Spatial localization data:
>>>

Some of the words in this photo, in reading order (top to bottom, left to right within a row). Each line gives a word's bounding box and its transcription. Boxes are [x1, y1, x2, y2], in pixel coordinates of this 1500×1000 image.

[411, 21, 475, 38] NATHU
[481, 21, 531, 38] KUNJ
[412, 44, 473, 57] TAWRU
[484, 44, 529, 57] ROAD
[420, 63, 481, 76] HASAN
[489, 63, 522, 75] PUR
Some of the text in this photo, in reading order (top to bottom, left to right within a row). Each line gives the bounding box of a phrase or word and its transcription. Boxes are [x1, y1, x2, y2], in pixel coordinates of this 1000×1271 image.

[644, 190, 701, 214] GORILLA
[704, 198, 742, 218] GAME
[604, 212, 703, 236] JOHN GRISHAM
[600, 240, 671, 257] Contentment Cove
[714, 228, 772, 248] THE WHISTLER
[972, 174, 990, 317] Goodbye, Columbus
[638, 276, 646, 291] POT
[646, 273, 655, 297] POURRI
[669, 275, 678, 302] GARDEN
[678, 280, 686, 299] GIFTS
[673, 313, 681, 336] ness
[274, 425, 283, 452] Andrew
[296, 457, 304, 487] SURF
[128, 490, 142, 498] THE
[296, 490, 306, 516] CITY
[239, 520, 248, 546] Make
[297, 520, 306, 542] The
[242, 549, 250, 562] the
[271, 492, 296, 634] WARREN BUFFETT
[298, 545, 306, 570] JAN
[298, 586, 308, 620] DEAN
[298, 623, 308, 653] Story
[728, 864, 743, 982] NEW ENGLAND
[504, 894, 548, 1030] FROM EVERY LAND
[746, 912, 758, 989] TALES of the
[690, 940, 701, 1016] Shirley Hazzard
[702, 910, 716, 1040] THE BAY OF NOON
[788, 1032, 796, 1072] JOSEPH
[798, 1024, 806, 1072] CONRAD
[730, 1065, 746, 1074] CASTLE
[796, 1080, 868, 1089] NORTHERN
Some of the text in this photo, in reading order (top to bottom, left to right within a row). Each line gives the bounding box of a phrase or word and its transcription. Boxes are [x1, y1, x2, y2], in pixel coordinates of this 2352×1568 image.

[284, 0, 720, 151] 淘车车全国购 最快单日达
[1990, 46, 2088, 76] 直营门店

<<<

* _What you need to do_:
Transcribe exactly, and only, the lines that extend from the one containing "this 2352×1568 image." to the end of the records above, inclusive of both.

* _Exercise result_:
Some of the text in this photo, in reading order (top to bottom, left to right within a row). Each line gives the bounding box of a phrase or word and its transcription. Boxes are [x1, y1, x2, y2], in pixel coordinates of this 2352×1568 image.

[284, 0, 720, 151] 淘车车全国购 最快单日达
[1990, 46, 2088, 76] 直营门店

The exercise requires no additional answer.